Abu Darda’ RA berkata, “Beribadahlah kepada Allah Yang Maha Mulia lagi Maha Agung, seolah-olah kamu melihat-Nya, dan anggaplah dirimu itu termasuk orang-orang yang sudah mati. Ketahuilah bahwa sesuatu yang sedikit, namun mencukupi itu lebih baik daripada sesuatu yang banyak, namun dapat melalaikan kamu. Ketahuilah bahwa kebaikan itu tidak akan rusak dan dosa itu tidak akan dilupakan.”
Saudaraku,
Ibnu Umar RA meriwayatkan dari Rasulullah SAW, di mana beliau bersabda, “Kebaikan itu tidak akan rusak, dosa itu tidak akan dilupakan, Tuhan tidak akan sirna (mati), dan jadilah kamu sebagaimana apa yang kamu kehendaki, yakni sebagaimana yang kamu amalkan, maka kamu akan dibalas.”

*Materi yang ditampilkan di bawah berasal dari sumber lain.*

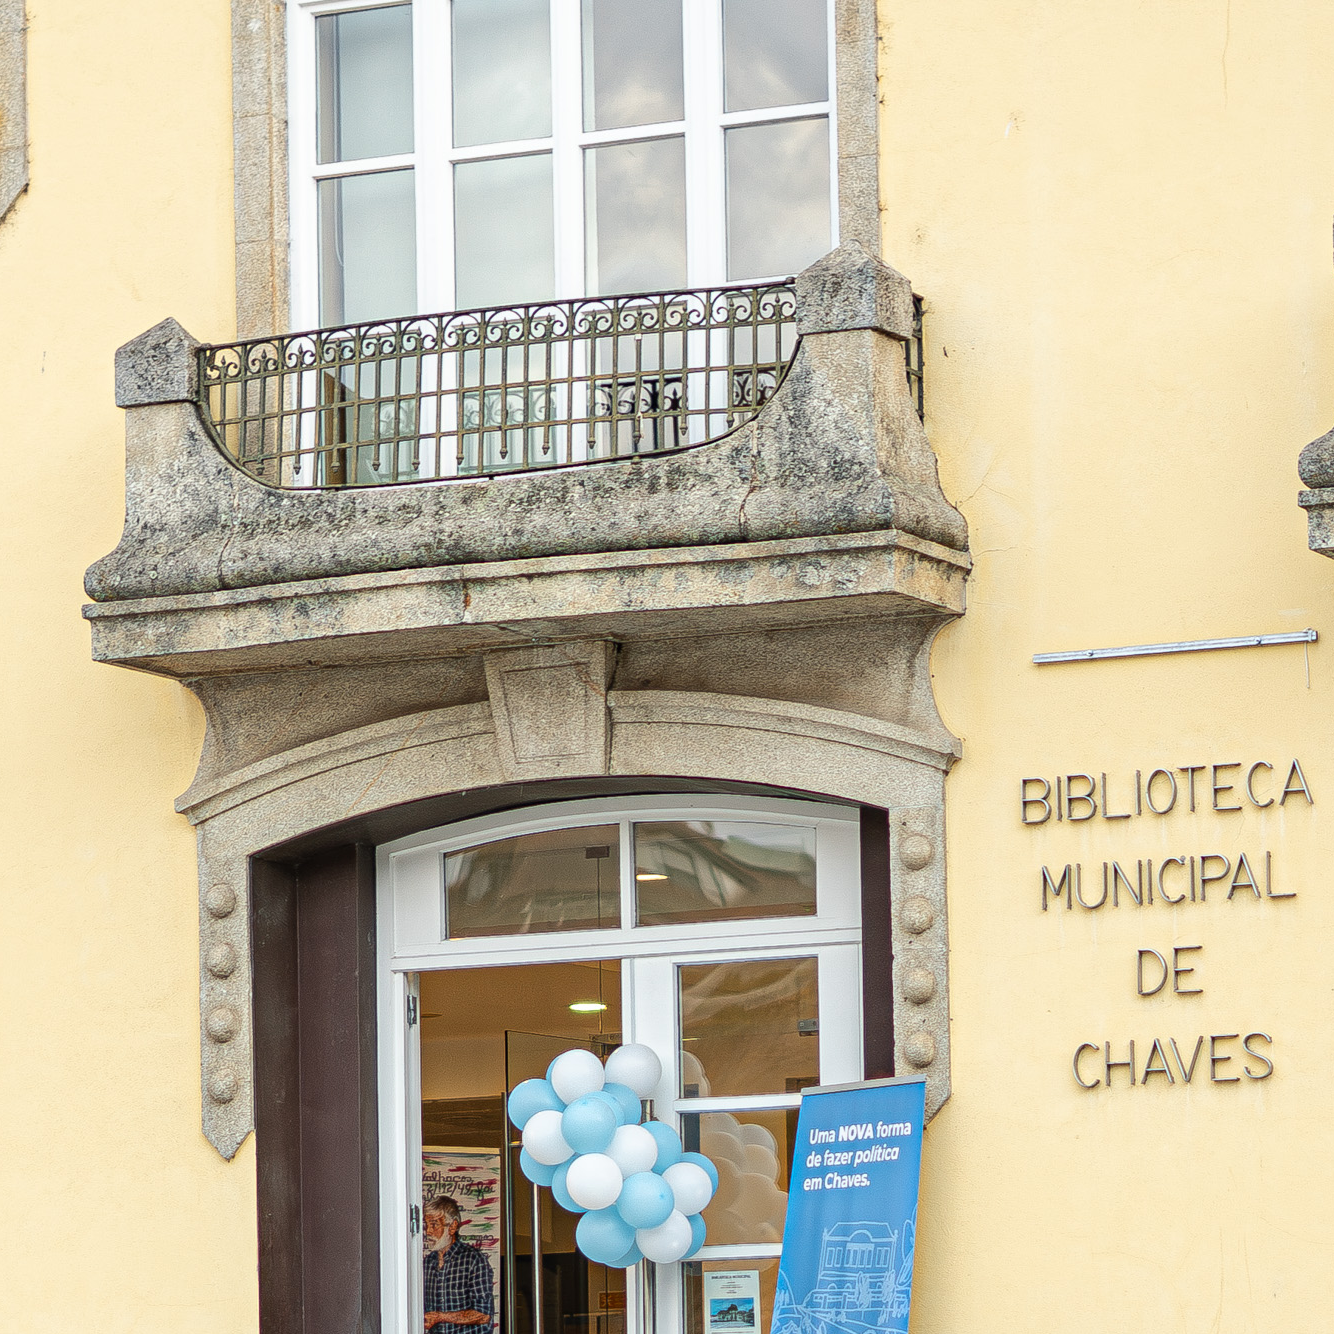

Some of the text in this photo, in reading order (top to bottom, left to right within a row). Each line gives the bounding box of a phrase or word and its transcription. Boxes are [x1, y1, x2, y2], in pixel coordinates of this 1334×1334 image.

[1021, 759, 1314, 825] BIBLIOTECA
[1042, 851, 1297, 911] MUNICIPAL
[1137, 945, 1204, 996] DE
[1073, 1032, 1274, 1089] CHAVES
[806, 1144, 900, 1168] de fazer política
[809, 1120, 912, 1145] Uma NOVA forma
[803, 1171, 870, 1191] em Chaves.

Al Faqih berkata, “Jika kamu mengerjakan perbuatan yang baik, maka kamu akan mendapatkan pahala kebaikan itu, dan jika kamu mengerjakan perbuatan yang jelek, maka kamu akan mendapatkan balasana kejelekan itu nanti pada hari kiamat.” Hal ini sesuai dengan firman Allah, “Jika kamu berbuat baik (berarti) kamu berbuat baik untuk dirimu sendiri, dan jika kamu berbuat jahat, maka (kerugian kejahatan) itu untuk dirimu sendiri,” (QS. Al-Isra’: 7).
Saudaraku,
Maksudnya, Allah tidak akan menganiaya seseorang, di mana Dia tidak akan mengurangi sedikit pun pahala kebaikan seseorang, dan tidak akan menyiksanya tanpa adanya perbuatan dosa. Allah Ta’ala telah menunjukkan jalan yang benar, telah mengutus Rasul yang mulia sebagai pemberi nasihat kepada umatnya. Allah telah menjelaskan jalan untuk menuju ke surga dan jalan ke neraka.

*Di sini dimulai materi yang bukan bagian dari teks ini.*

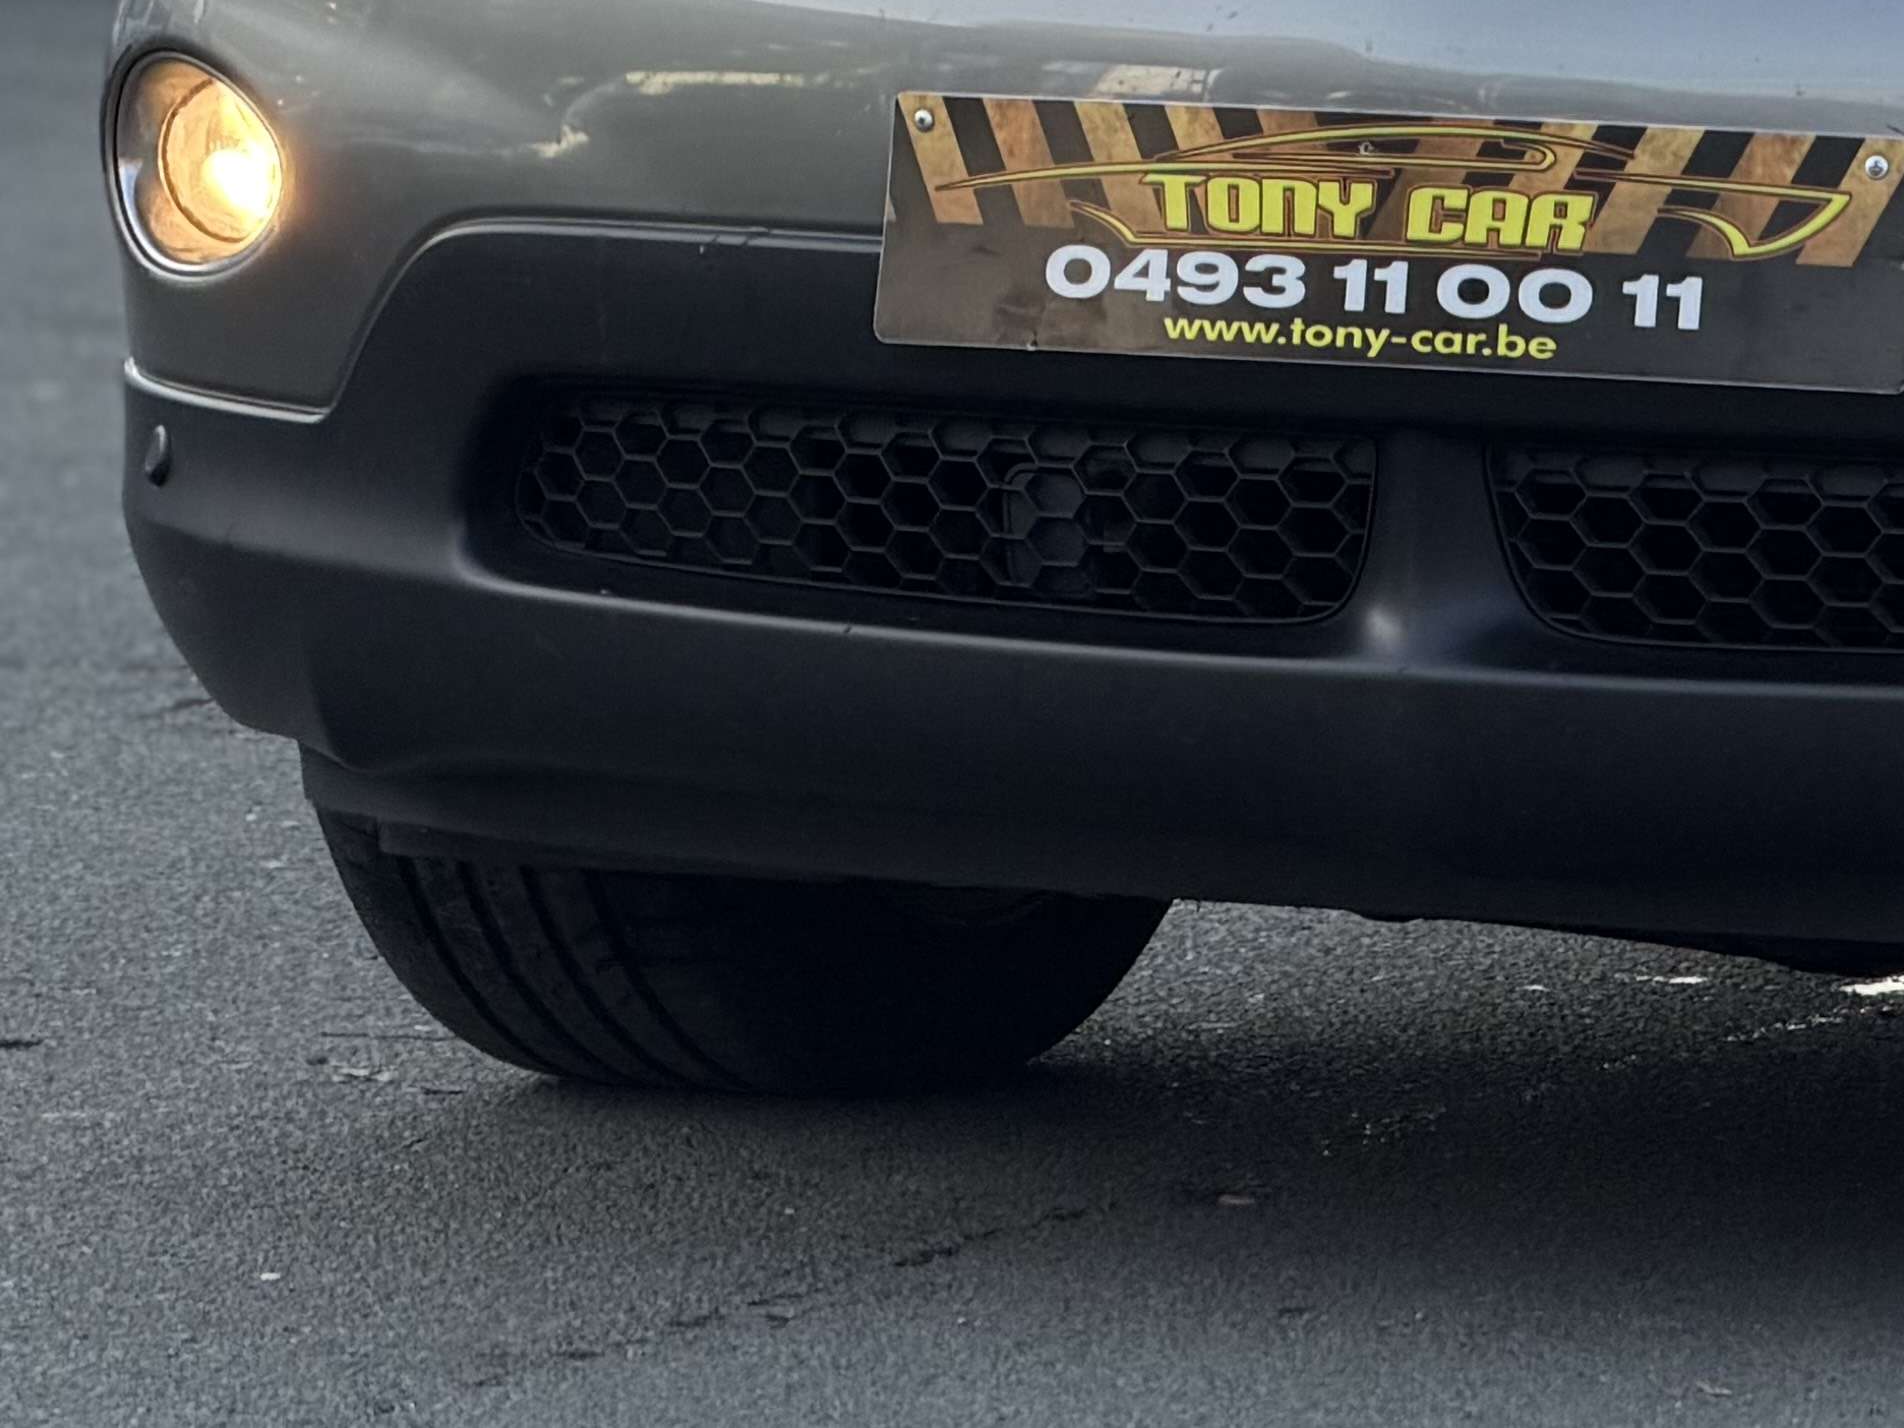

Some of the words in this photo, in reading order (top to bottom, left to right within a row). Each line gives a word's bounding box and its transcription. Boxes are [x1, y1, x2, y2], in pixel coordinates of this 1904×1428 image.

[1141, 172, 1375, 239] TONY
[1405, 186, 1596, 251] CAR
[1045, 244, 1306, 309] 0493
[1333, 258, 1409, 315] 11
[1436, 263, 1594, 324] 00
[1621, 273, 1704, 331] 11
[1163, 316, 1558, 360] www.tony-car.be

Abu Hurairah RA menceritakan Nabi SAW, di mana beliau bersabda, “Perumpamaan antara aku dengan kamu adalah seperti perupamaan seseorang yang menyalakan api, lantas kupu-kupu (laron) datang berebut (untuk masuk ke) dalam api. Aku menahan kamu sekalian untuk tidak terjerumus ke dalam api (neraka).”
Saudaraku,
Ada yang meriwayatkan bahwa taubat Nabi Adam AS itu diterima oleh Allah karena lima hal, sedangkan taubat iblis, (semoga Allah mengutuknya) tidak diterima juga karena lima hal. Nabi Adam AS mengakui dirinya berbuat dosa, menyesali perbuatannya, menyesali perbuatannya, mencela dirinya sendiri, segera bertaubat, dan tidak berputus asa dari rahmat Allah Ta’ala. Sedangkan iblis tidak mengakui dirinya berdosa, tidak menyesali perbuatannya, tidak mencela dirinya sendiri, tidak segera bertaubat dan berputus asa dari rahmat Allah Ta’ala. Oleh karena itu, siapa yang keadaannya seperti Nabi Adam, maka diterima taubatnya, dan siapa yang keadaannya seperti iblis, maka tidak akan diterima taubatnya.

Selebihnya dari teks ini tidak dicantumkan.